Note 1: The features of neighbors \(\mathbf{x}_{ne[v]}\) could be removed because the state of the neighbours \(h_{ne[v]}\) implicitly contains the information.

Note 2: For directed graph, the function \(f\) can take extra input variable indicating the directions of the edges linked to node \(v\).

Note 3: For simplicity, the original GNN implements the same \(f\) and \(g\) for all nodes, but they can depend on different nodes.

Let \(\mathbf{H}, \mathbf{O}, \mathbf{X}\), and \(\mathbf{N}\) be the vectors constructed by stacking all the states, all the outputs, all the features, and all the node features, respectively. Then we have a compact form as:

\[\begin{aligned} \mathbf{H} &= F(\mathbf{H}, \mathbf{X})\\ \mathbf{O} &= G(\mathbf{H}, \mathbf{X}_N) \end{aligned}\]

where \(F\) and \(G\) are global functions according to Note 3.

By Banach’s fixed point theorem, \(\mathbf{H}\) can reach the fixed point as shown in the above compact expression, provided that \(F\) is a contraction map (see the post here for details). Under this assumption, \(\mathbf{H}\) can be iteratively updated to reach the fixed point as \(\mathbf{H}^{t+1} = F(\mathbf{H}^t, \mathbf{X})\). This dynamical system converges exponentially fast to the solution of fixed point for any initial value \(\mathbf{H}(0)\).

Next, we need to learn the parameters of \(F\) and \(G\). With \(p\) supervised nodes, and the target information \(\mathbf{t}_i\) for \(i\)th node, we have the loss function: \(loss = \sum_{i=1}^p (\mathbf{t}_i - \mathbf{o}_i)\).
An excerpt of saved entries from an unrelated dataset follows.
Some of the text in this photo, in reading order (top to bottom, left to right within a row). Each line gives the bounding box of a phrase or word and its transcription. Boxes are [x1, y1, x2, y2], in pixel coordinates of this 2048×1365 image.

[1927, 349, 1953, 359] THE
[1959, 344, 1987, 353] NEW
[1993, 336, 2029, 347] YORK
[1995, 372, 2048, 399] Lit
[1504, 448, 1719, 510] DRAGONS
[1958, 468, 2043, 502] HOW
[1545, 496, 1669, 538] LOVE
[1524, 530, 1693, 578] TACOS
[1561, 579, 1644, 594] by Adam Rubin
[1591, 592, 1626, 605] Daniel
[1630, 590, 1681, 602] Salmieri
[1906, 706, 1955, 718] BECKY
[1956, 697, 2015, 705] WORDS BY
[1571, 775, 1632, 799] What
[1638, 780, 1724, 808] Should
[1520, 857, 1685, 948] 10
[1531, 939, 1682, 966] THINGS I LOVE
Then use the gradient-descent based algorithem to train the model as the followings:

Iteratively update \(\mathbf{H}^t\) until reaching the fixed point (set time \(T\) as the upper time limit).
Compute the gradient of weights w.r.t to the loss function.
Update the parameters according to the optimization algorithm.
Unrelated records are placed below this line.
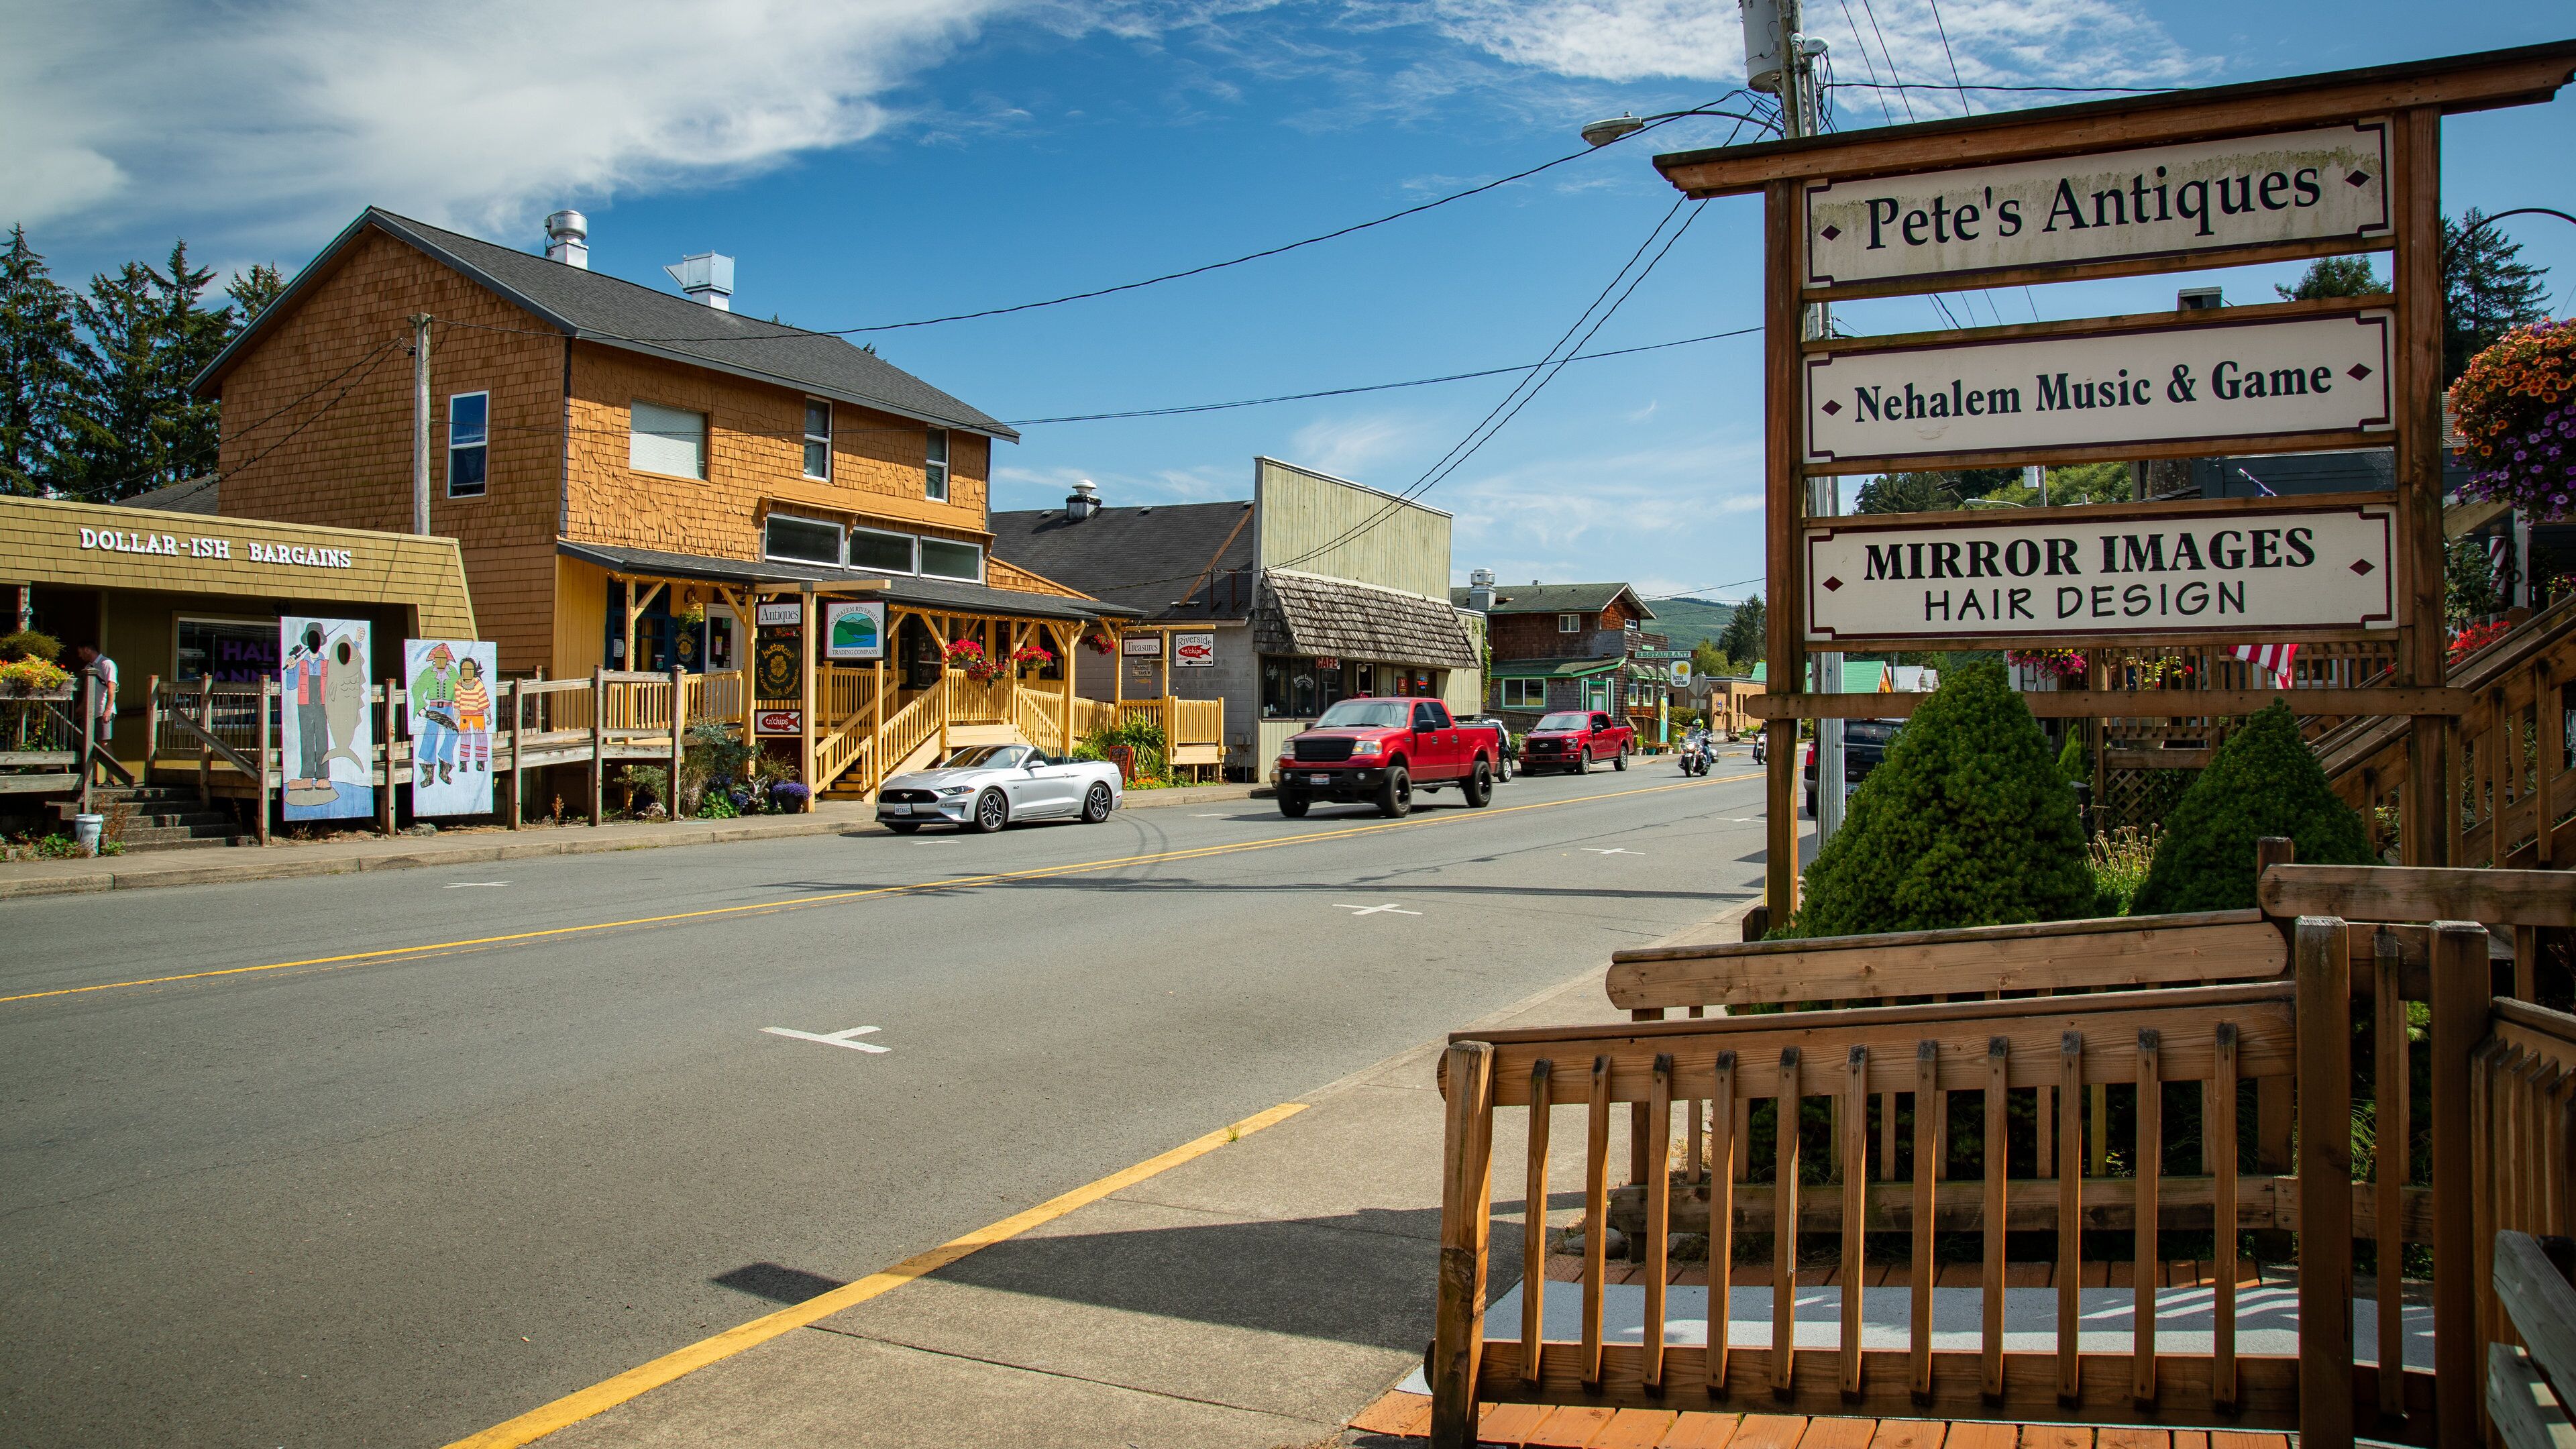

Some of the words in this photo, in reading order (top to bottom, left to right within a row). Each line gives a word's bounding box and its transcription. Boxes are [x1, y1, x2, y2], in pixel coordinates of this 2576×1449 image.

[1864, 186, 2023, 251] Pete's
[2041, 166, 2322, 237] Antiques
[1854, 379, 2022, 423] Nehalem
[2035, 368, 2152, 411] Music
[2167, 364, 2197, 403] &
[2212, 360, 2332, 400] Game
[80, 527, 231, 559] DOLLAR-ISH
[249, 542, 352, 568] BARGAINS
[1864, 538, 2082, 581] MIRROR
[2099, 527, 2316, 574] IMAGES
[1925, 588, 2035, 621] HAIR
[2057, 580, 2245, 619] DESIGN
[761, 606, 799, 623] Antiques
[830, 606, 855, 626] NEHALEM
[855, 606, 881, 626] RIVERSIDE
[761, 643, 795, 659] buttercup
[1126, 641, 1158, 652] Treasures
[1178, 635, 1212, 647] Riverside
[1316, 657, 1337, 668] CAFE
Limitations: (1) Using fixed point makes it inefficient to update the hidden states of nodes and less informative for distinguishing each node (so not suitable for node-focused tasks); (2) Most popular neural networks use different parameters in different layers while the orginal GNN sets up global functions; (3) Informative features on the edges cannot be effectively modeled in the original model and how to learn the hidden states of edges is also a problem.

References

Zhou, J., Cui, G., Zhang, Z., Yang, C., Liu, Z., & Sun, M. (2018). Graph Neural Networks: A Review of Methods and Applications. ArXiv, abs/1812.08434.
Scarselli, F., Gori, M., Tsoi, A., Hagenbuchner, M., & Monfardini, G. (2009). The Graph Neural Network Model. IEEE Transactions on Neural Networks, 20, 61-80.
Li, B., Hao, D., Zhao, D., & Zhou, T. (2017). Mechanism Design in Social Networks. AAAI.